IL-18 is a multifunctional pro-inflammatory cytokine belonging to the IL-1 family. The cytokine is known to be produced from macrophages, dendritic cells, keratinocytes, adrenal cortex etc in the human body. We found that the cytokine as well as its antagonist, IL-18 Binding Protein (IL-18BP), are produced in human platelets. Interestingly, the two of them are synthesized and released differentially from these anuclear cellular elements. Human platelets contain transcripts for the cytokine and synthesize it de novo upon activation as an inactive precursor protein, which is cleaved into mature form by activated caspase 1, whose activation occurs in activated platelets.
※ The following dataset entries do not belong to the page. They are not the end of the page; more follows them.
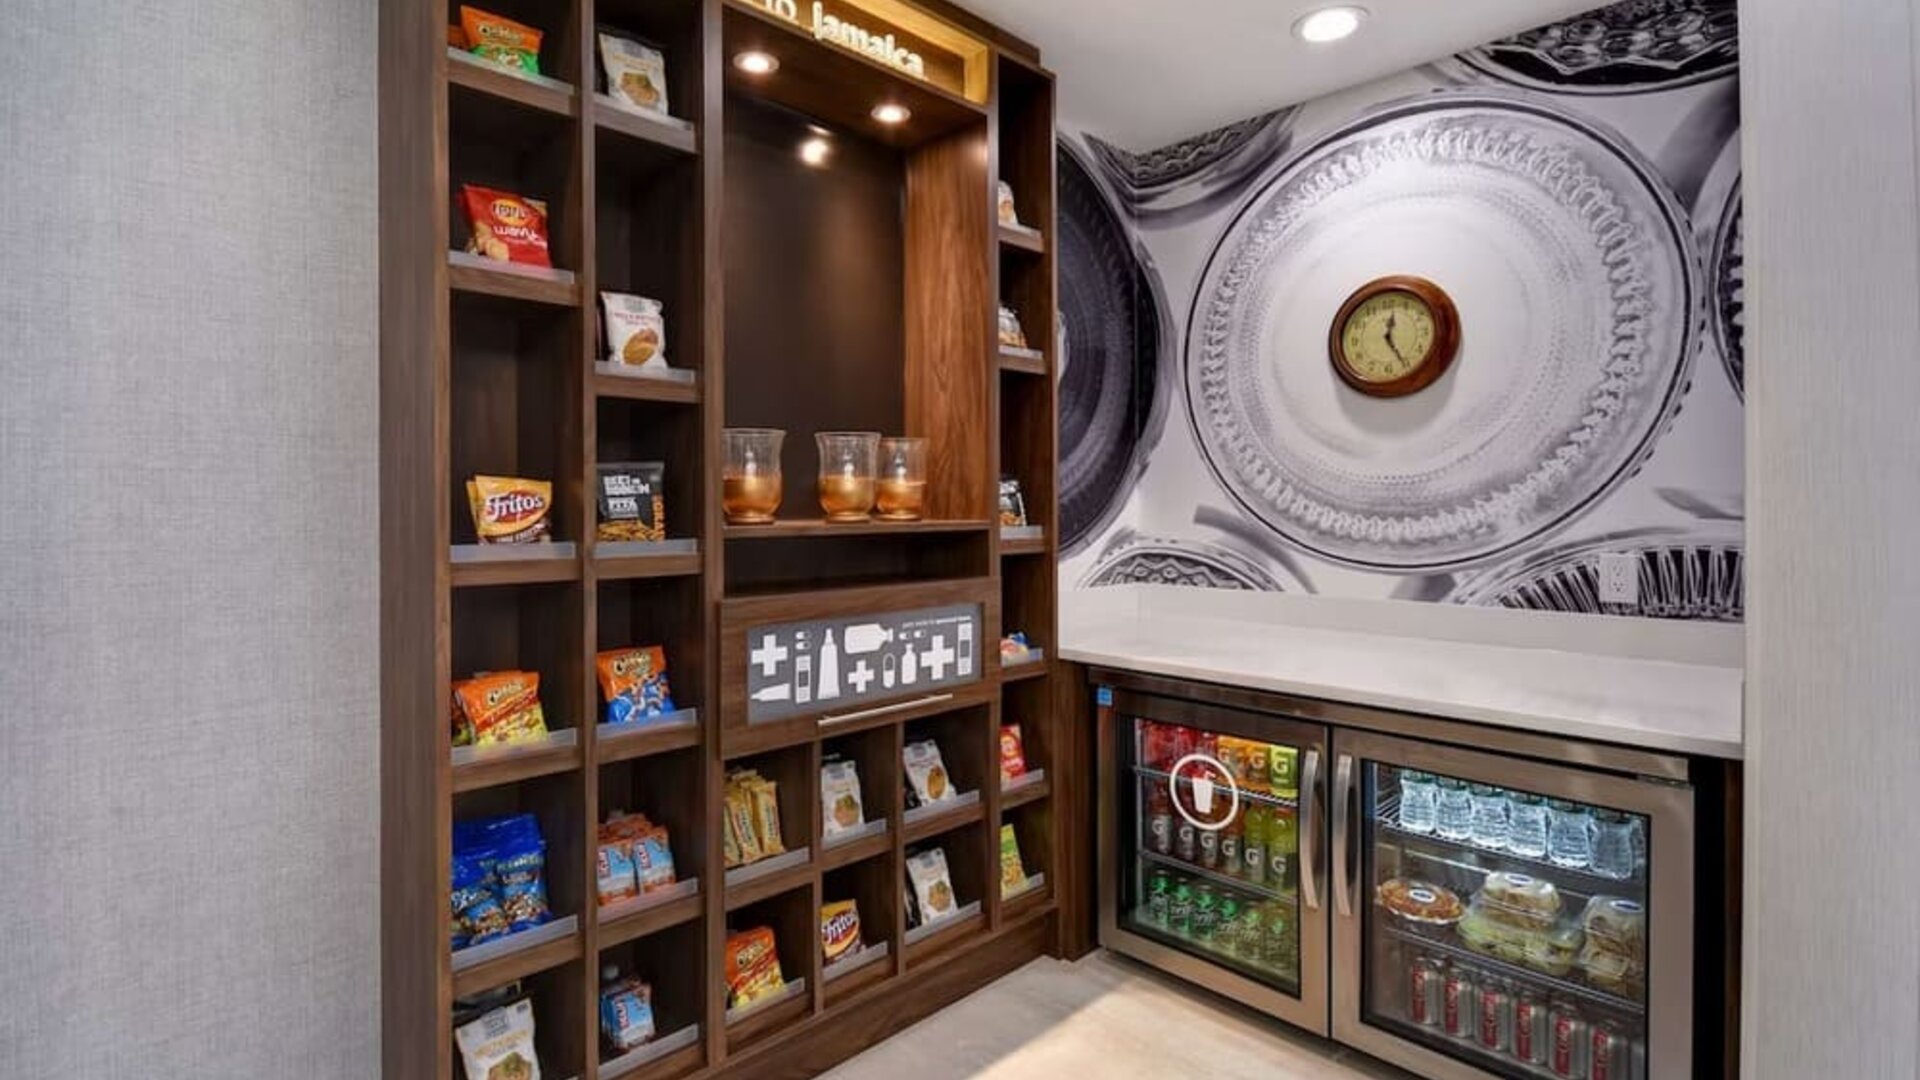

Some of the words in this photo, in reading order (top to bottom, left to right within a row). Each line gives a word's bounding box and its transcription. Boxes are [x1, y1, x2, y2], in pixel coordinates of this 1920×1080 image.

[485, 493, 545, 522] Fritos
[1272, 757, 1289, 774] G
[1180, 825, 1194, 841] G
[1201, 832, 1216, 848] G
[1222, 839, 1236, 856] G
[1245, 848, 1260, 865] G
[1272, 856, 1287, 874] G
The platelets continue to release IL-18 over several hours after activation. Freshly isolated resting platelets as well as paraformaldehyde-fixed ones contain very little IL-18. In a sharp contrast to IL-18, its antagonist (IL-18BP) is present pre-made in platelets and is released upon their activation. Platelets contain no transcripts for it and do not synthesize de novo upon activation. Freshly isolated resting platelets as well as paraformaldehyde-fixed platelets contain IL-18BP. Furthermore we found that the two soluble mediators are secreted from platelets via different mechanisms: glyburide inhibits synthesis of active IL-18 but not of IL-18BP from activated human platelets. Our findings bear important implications for a variety human diseases which are accompanied by chronic inflammation.